#include <cuda_runtime.h>
#include <iostream>
#include <fstream>
using namespace std;
__host__ __device__
struct Cargs {
int x, y;
Cargs() {}
};
using Func = void(*)(int N, Cargs params);
void Hello(int N, Cargs params)
{
cout << "Hello cpu\n";
}
template <Func func>
void cpu_func()
{
int N;
Cargs params;
func(N, params);
}
// using KernelFunc = __global__ void(*)(int N, Cargs params);
// template <KernelFunc func>
// void gpu_func()
// {
// int N = 100;
// Cargs params;
// params.x = 10;
// params.y = 20;
// func<<<1,1>>>(N, params);
// }
// __global__
// void kernel1(int N, Cargs params)
// {
// printf("Hello world\n");
// }
// __global__
// void kernel2(int N, Cargs params)
// {
// printf("Hello gpu\n");
// }
int main()
{
cpu_func<Hello>();
// gpu_func<kernel1>();
// gpu_func<kernel2>();
return 0;
}
In my use case, a lot of functions share the same boiler plate code. They just apply different kernels to a set of inputs.
So to make code shorter, I want to use __global__
function as template parameter. However, I get this error
test_kernel_template.cu:25:24: error: expected ‘;’ before ‘(’ token
25 | using KernelFunc = __global__ void(*)(int N, Cargs params);
| ^~
Compile command: nvcc -o main main.cu -std=c++20
Where is the syntax wrong?
C++ libraries (like Thrust) normally prefer using device functors (classes with a device member function operator()
). This has the advantage that one can often use the same __host__ __device__
member function for CPU and GPU because things like index calculation from threadIdx
and co can be done by a very generic kernel template that then just calls the functor with the right arguments. Basically the compiler will turn the kernel template which is calling some functor into exactly the custom kernel that you need via inlining. Another advantage is that one can easily turn C++ lambdas (i.e. unnamed functors) into kernels*. A __global__
lambda is impossible, as kernels can only be free functions, not functors.

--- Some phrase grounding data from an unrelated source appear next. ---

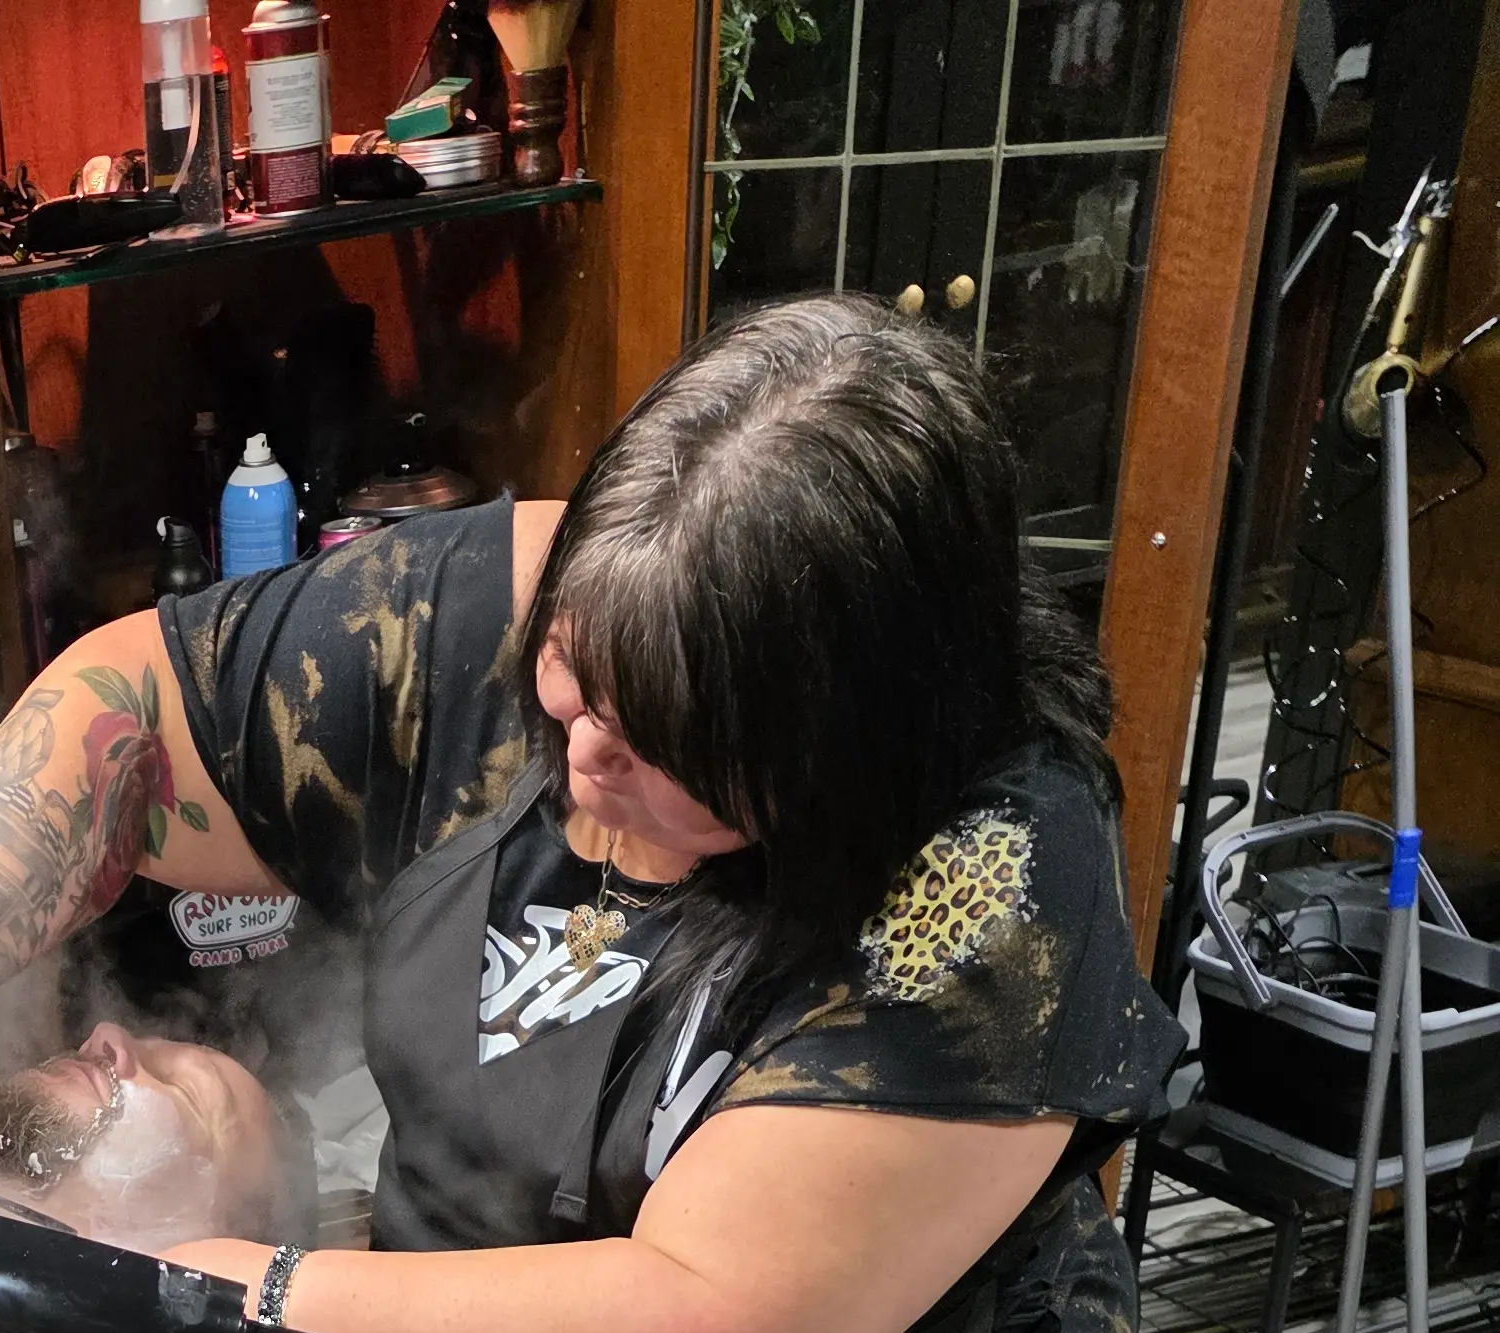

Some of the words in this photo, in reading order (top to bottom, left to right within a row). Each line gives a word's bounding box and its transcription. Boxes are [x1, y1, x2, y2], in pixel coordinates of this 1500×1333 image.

[198, 917, 233, 938] SURF
[239, 908, 278, 930] SHOP
[189, 947, 243, 967] GRAND
[245, 933, 289, 960] TURK
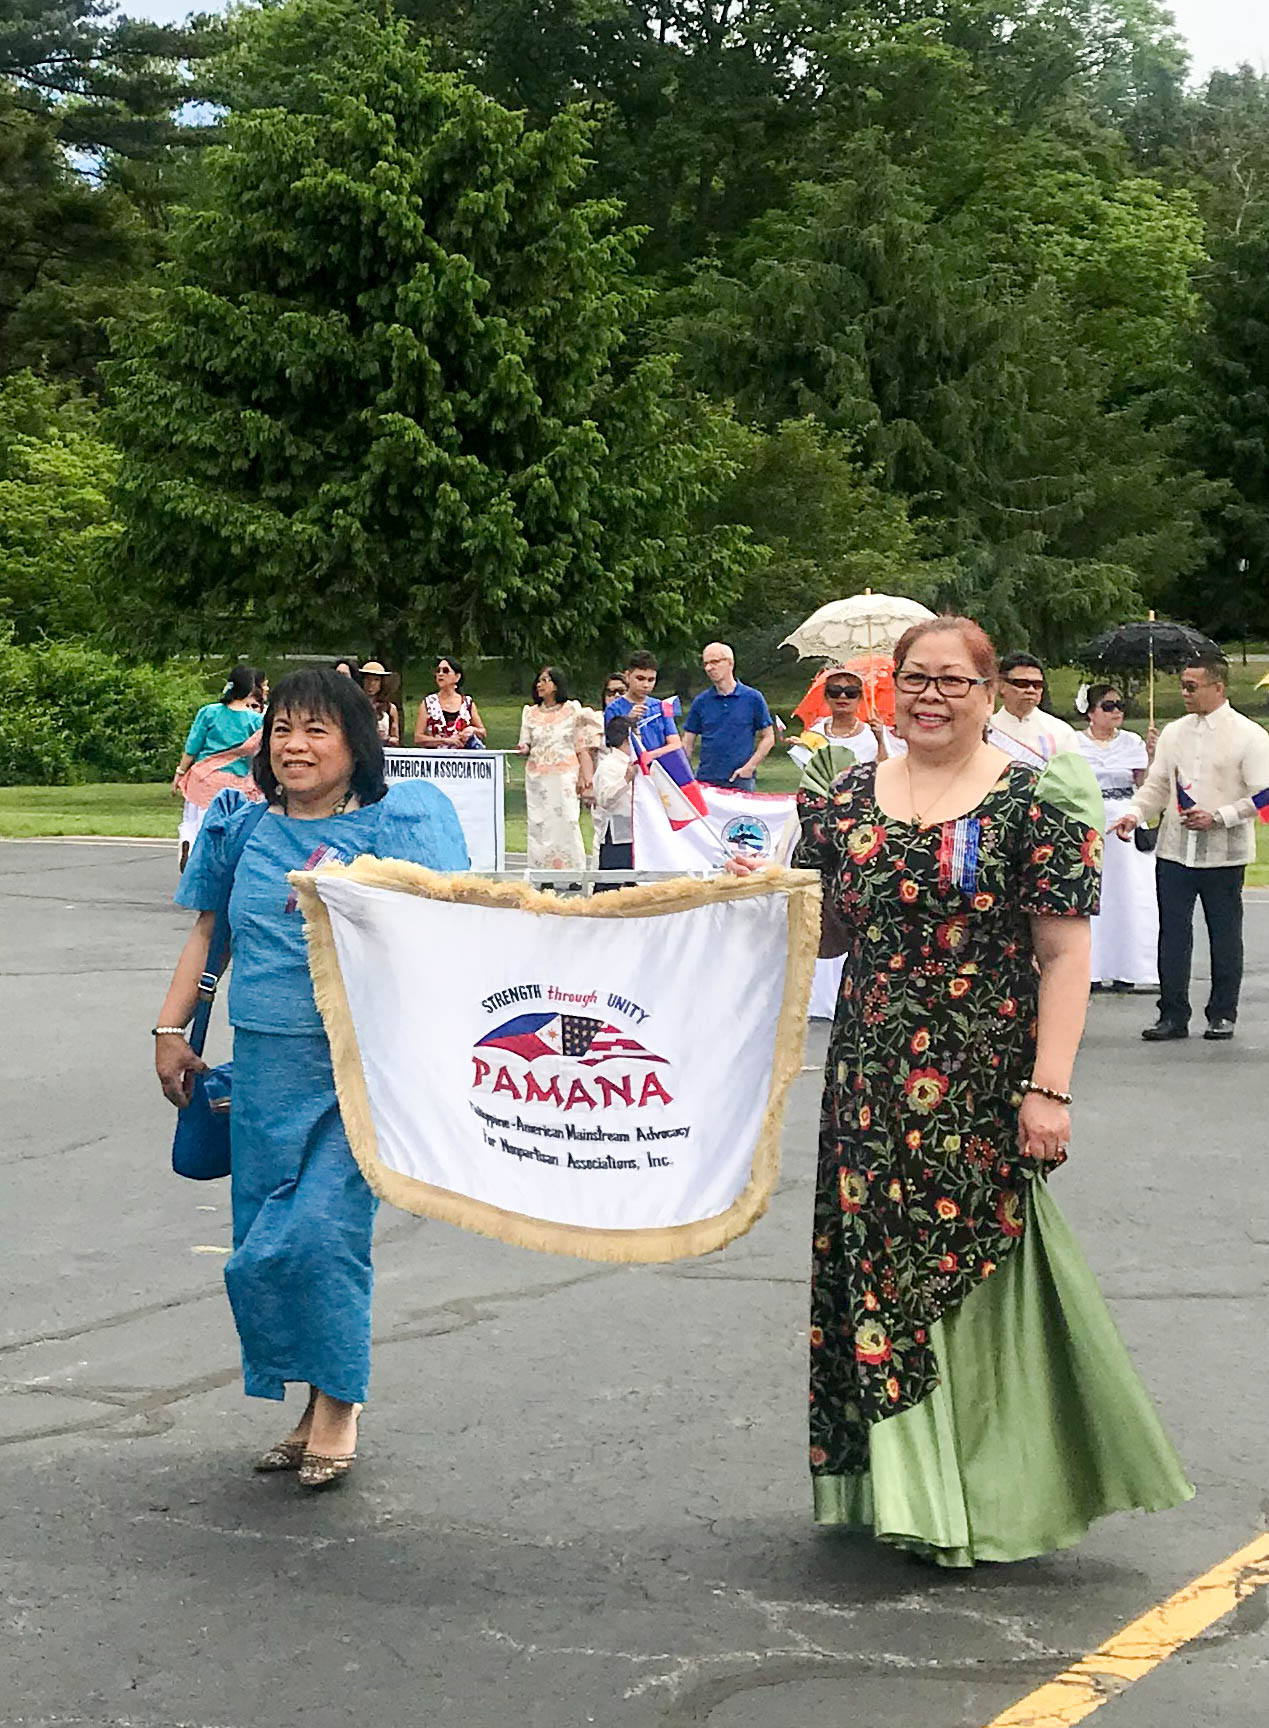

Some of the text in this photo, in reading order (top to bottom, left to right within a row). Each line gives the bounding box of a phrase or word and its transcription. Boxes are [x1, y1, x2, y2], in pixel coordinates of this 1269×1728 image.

[434, 761, 492, 779] ASSOCIATION
[481, 984, 650, 1025] STRENGTH through UNITY
[472, 1056, 674, 1111] PAMANA
[565, 1124, 630, 1142] Mainstream
[636, 1126, 691, 1142] Advocacy

If you still want to use kernel addresses, the CUDA C++ Programming Guide only mentions one restriction:
The address of a
__global__
function taken in host code cannot be used in device code (e.g. to launch the kernel). Similarly, the address of a__global__
function taken in device code cannot be used in host code.
So your idea should generally be feasible if you do not plan to use CUDA Dynamic Paralellism. I would guess that the __global__
is just not part of the function signature, i.e. try
using KernelFunc = void(*)(int N, Cargs params);
If you can't find a signature that works you could also just use T *
, like cudaLaunchKernel()
(C++ API). Worst case you can use said cudaLaunchKernel()
for launching if you can not get the T *
to launch with the triple chevron (<<< >>>
) syntax.
Passing the kernel arguments to these functions can be tricky (the API/signature is not quite clear on its own). So I recommend taking a look at the 0_Introduction/simpleAWBarrier/simpleAWBarrier.cu
CUDA sample using cudaLaunchCooperativeKernel()
which has the same signature.
*: This has some restrictions: You need the --extended-lambda
flag for nvcc and pure __device__
lambdas have some issues, so one should use __host__ __device__
even when only planning to use the lambda on the device.